Nell’Introduzione alla raccolta dei Meridiani di Tutte le poesie di Pasolini, Fernando Bandini spiega appunto come sia «illegittimo trattare l’opera poetica di Pasolini come un fatto autonomo e concluso in se stesso»182, e questo vale a maggior ragione dal punto di
vista linguistico, poiché l’ansia definitoria, di «espressione totale» della realtà, unita alla pasoliniana «ipertrofia dell’io», fa sì che nei testi poetici si crei un’aspra «miscela di res e verba», un accumulo di tratti squisitamente lirici e «riproduzioni verbalizzate […] dei tratti più bassi e crudi del reale»183; solo nei casi, eccezionali e sublimi, in cui il poeta riesca a
comporre questo ossimoro di fondo, si avranno allora quegli esempi di neologismi poetici che, cristallizzando la realtà storica, si pongono a sigillo di un’intera epoca.

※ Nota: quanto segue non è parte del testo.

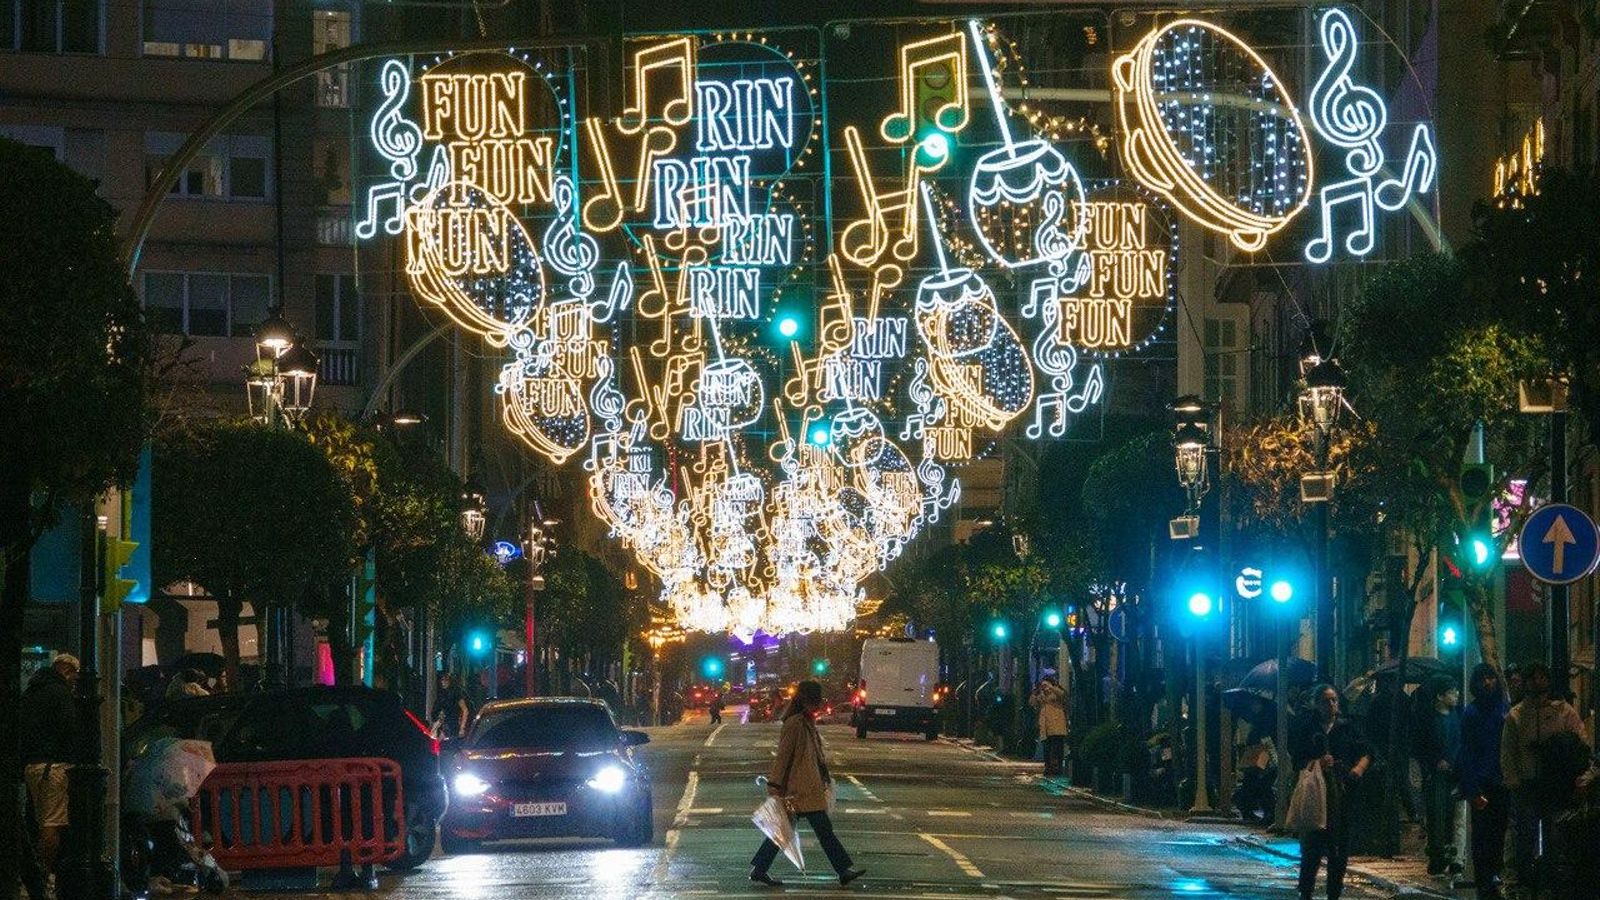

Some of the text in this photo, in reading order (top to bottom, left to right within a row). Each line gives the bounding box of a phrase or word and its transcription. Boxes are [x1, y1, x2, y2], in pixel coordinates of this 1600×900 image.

[421, 71, 526, 140] FUN
[694, 77, 793, 151] RIN
[449, 137, 553, 207] FUN
[653, 155, 751, 229] RIN
[721, 214, 793, 266] RIN
[1071, 202, 1146, 250] FUN
[689, 268, 760, 320] RIN
[1090, 250, 1165, 299] FUN
[850, 317, 907, 359] RIN
[1057, 298, 1132, 347] FUN
[824, 359, 881, 401] RIN
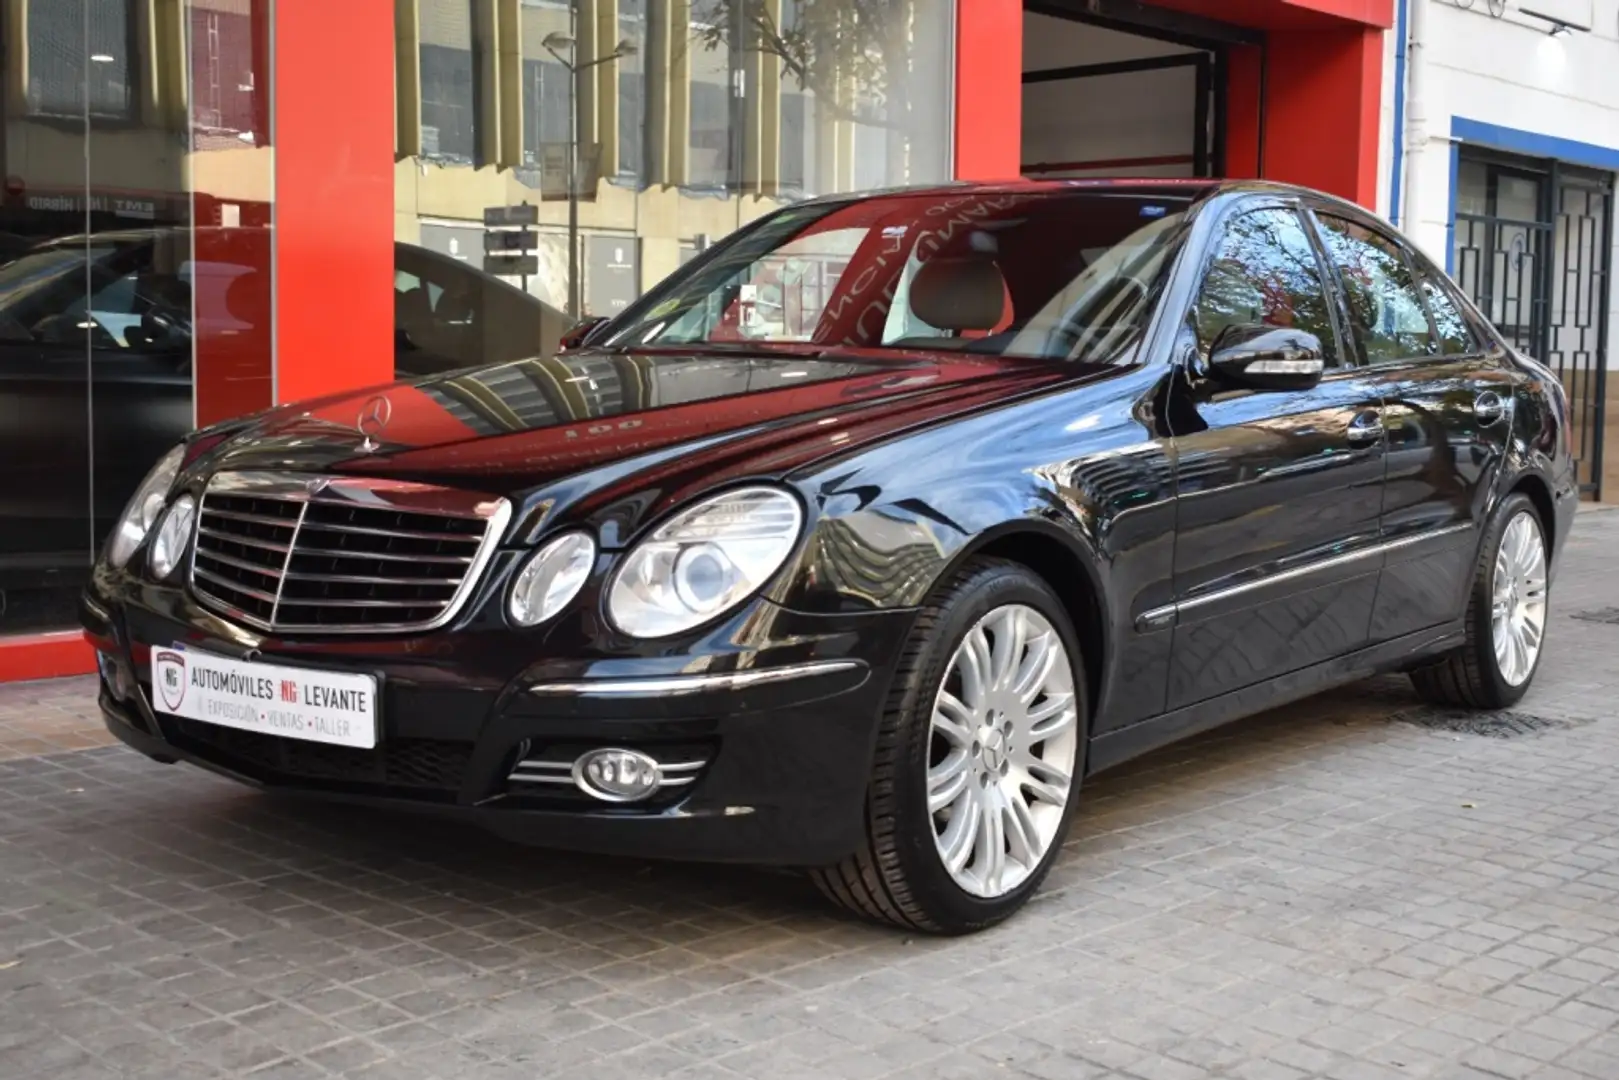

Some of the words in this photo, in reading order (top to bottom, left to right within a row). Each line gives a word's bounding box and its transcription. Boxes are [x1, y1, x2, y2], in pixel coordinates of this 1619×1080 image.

[191, 666, 274, 700] AUTOMÓVILES
[280, 679, 297, 703] NG
[304, 684, 366, 713] LEVANTE
[268, 710, 304, 731] VENTAS
[314, 715, 351, 738] TALLER

179 «Una orrenda Nuova Preistoria sarà la condizione del neocapitalismo alla fine dell’antropologia classica, ora agonizzante. L’industrializzazione sulla linea neocapitalistica disseccherà il germe della Storia…»; P.P. Pasolini, Interviste corsare cit., p. 64.
180 E. Esposito, Poesia in forma di rosa. Introduzione a P.P. Pasolini, Poesia in forma di rosa cit., pp. V-XI, p. 181 P.P. Pasolini, Interviste corsare cit., p.32.
182 F. Bandini, Il “sogno di una cosa” chiamata poesia. cit., I, p. XV. 183 Ivi, p. XXXIV.